La mise en relation des crédits et des effectifs d'aumônerie doit être abordée avec prudence. À titre d'exemple, le pourcentage d'aumôniers indemnisés au sein de chaque culte n'est pas un indicateur pertinent dans la mesure où le niveau d'indemnisation est très disparate, certains aumôniers étant indemnisés à concurrence de 45 vacations horaires/an tandis que d'autres sont indemnisés à concurrence de 1 000 vacations horaires/an. De fait, l'aumônier national répartit sa dotation en tenant compte de nombreux critères : investissement, assiduité, distance domicile/établissement, situation professionnelle ou familiale, etc.

Pour cette raison, les indemnités ne sont pas soumises à la logique du service fait. Autrement dit, l'administration pénitentiaire n'exerce aucun contrôle comptable sur les heures de présence effectives des intervenants d'aumônerie. Dès lors, le raisonnement en termes d'ETPT perd tout son sens.

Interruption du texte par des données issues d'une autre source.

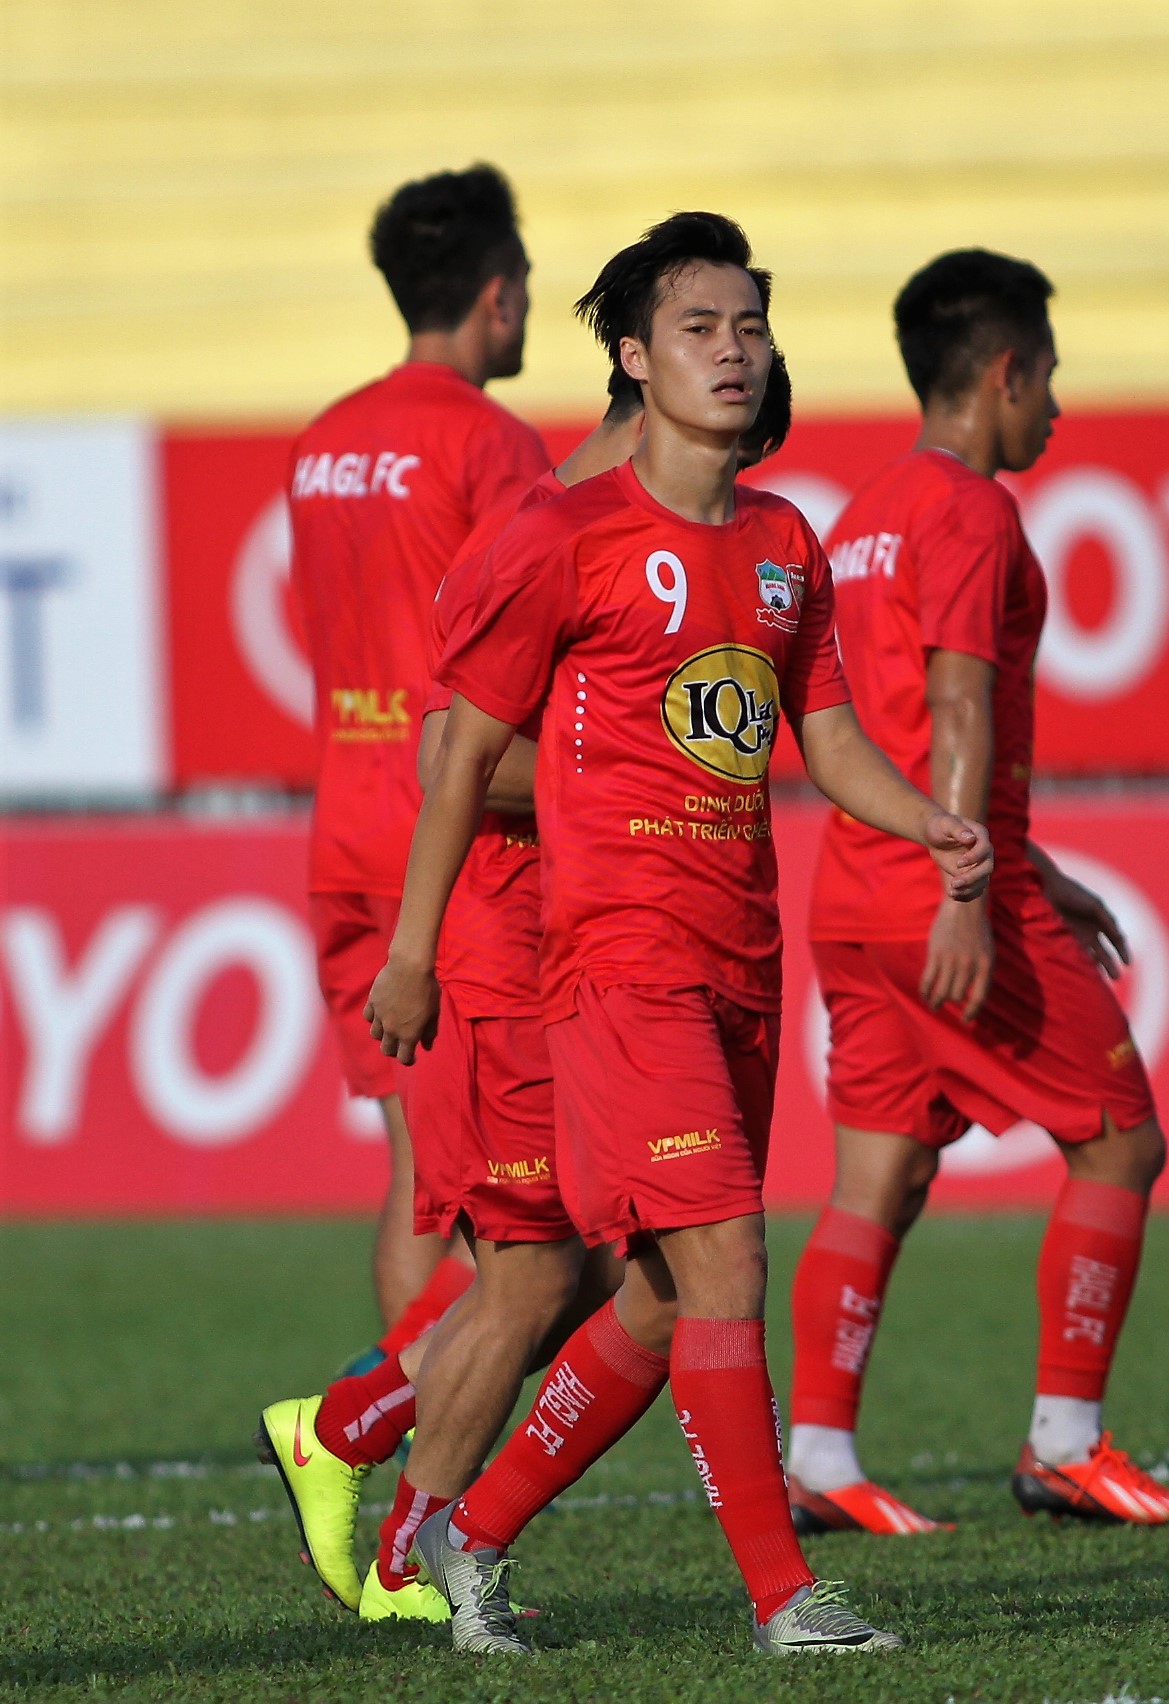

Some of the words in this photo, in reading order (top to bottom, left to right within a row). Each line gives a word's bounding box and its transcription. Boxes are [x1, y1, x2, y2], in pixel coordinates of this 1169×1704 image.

[370, 450, 421, 499] FC
[645, 550, 689, 635] 9
[680, 677, 757, 757] IQ
[629, 815, 685, 837] PHÁT
[647, 1128, 721, 1155] VPMILK
[539, 1360, 596, 1429] HAGL
[525, 1409, 565, 1457] FC

Par ailleurs, ce tableau ne rend pas compte des modalités particulières d'organisation des aumôneries bouddhiste, catholique et protestante, au sein desquelles les sommes perçues par les aumôniers indemnisés sont intégralement mutualisées (au niveau de la Fédération protestante de France pour le culte protestant, au niveau des diocèses pour le culte catholique et au niveau de l'Union bouddhiste de France pour le culte bouddhiste) afin de couvrir les frais de transport engagés par les aumôniers et l'organisation de différentes formations, si bien que, pour ces trois cultes, la distinction entre aumôniers indemnisés et intervenants d'aumônerie bénévoles n'est pas pertinente.

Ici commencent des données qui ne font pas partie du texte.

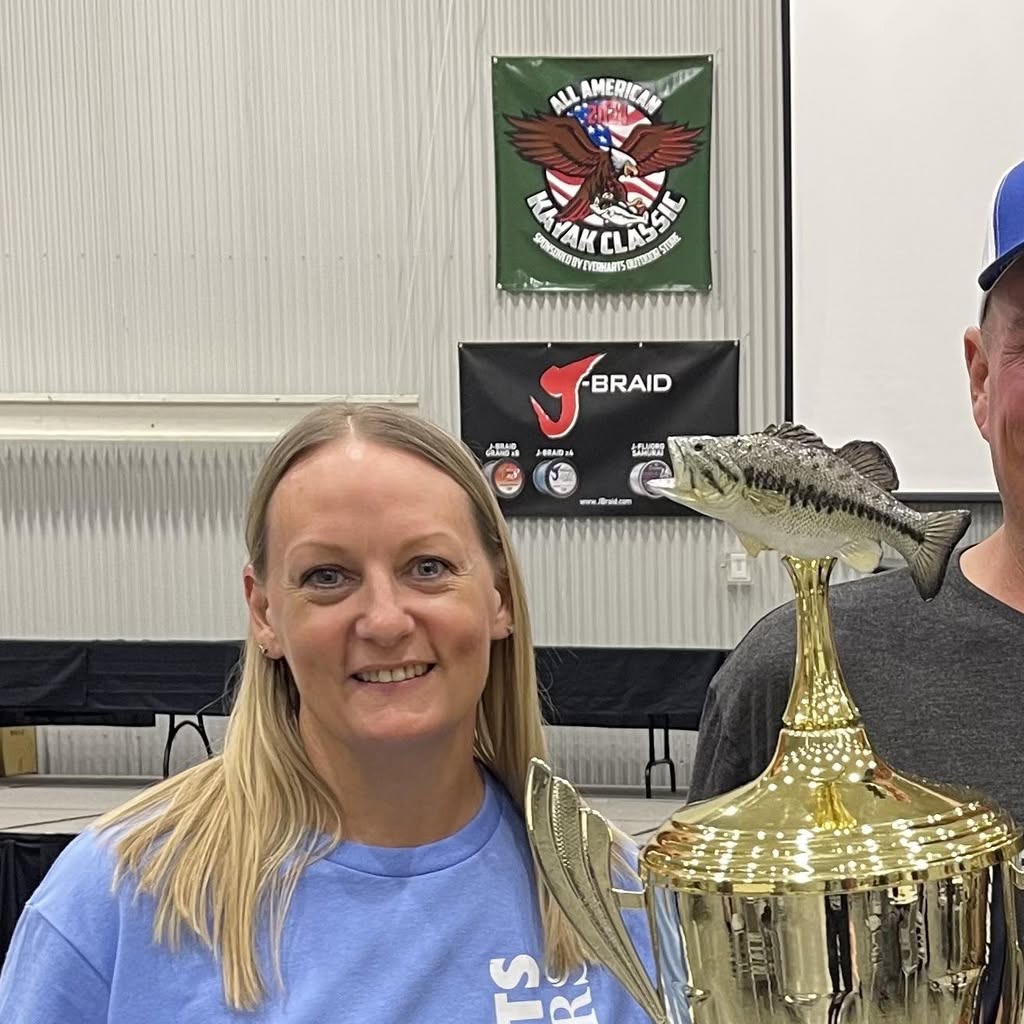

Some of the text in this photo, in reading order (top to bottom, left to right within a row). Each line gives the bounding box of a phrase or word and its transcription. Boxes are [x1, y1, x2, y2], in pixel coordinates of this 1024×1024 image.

[549, 78, 663, 116] ALL AMERICAN
[526, 190, 686, 256] KAYAK CLASSIC
[571, 256, 583, 270] BY
[582, 260, 627, 273] EVERHARTS
[535, 449, 564, 457] J-BRAID

* 1 Infostat justice n° 131, Les chiffres de la justice française à l'aune des critères européens d'efficacité, Laëtita Brunin, octobre 2014.

* 2 Rapport demandé à la Cour des comptes en application de l'article 58-2° de la loi organique relative aux lois de finances (LOLF) et paru dans le rapport d'information n° 31 (2012-2013) de Edmond Hervé, fait au nom de la commission des finances, 10 octobre 2012.

* 3 Réponse du ministère de la justice au questionnaire budgétaire de votre rapporteur spécial.

* 4 Réponse du ministère de la justice au questionnaire budgétaire.

* 5 Y compris charges sociales et hors CAS « Pensions ».

* 6 Ce programme de construction de 13 200 places brutes et la fermeture de 2 885 places a été lancé en 2002 ; révisé, il prévoit désormais un solde net de 9 453 places.

* 7 Projet annuel de performances pour 2016.

* 8 Rapport d'information « Enfermer et éduquer : quel bilan pour les centres éducatifs fermés et les établissements pénitentiaires pour mineurs ? », n° 759 (2010-2011) de François Pillet et Jean-Claude Peyronnet, fait au nom de la commission des lois, juillet 2011 ; rapport conjoint de l'inspection générale des affaires sociales, inspection générale des services judiciaires et inspection de la protection judiciaire de la jeunesse (janvier 2013) ; relevé d'observations de la Cour des comptes du 18 décembre 2013 ; observations du contrôleur général des lieux privatifs de liberté ; avis rendus par le Défenseur des droits.

* 9 Rapport d'information « PJJ : poursuivre la modernisation », n° 217 (2014-2015) d'Antoine Lefèvre, fait au nom de la commission des finances, janvier 2015.

* 10 Voir commentaire de l'article 15 du rapport général de M. Albéric de Montgolfier.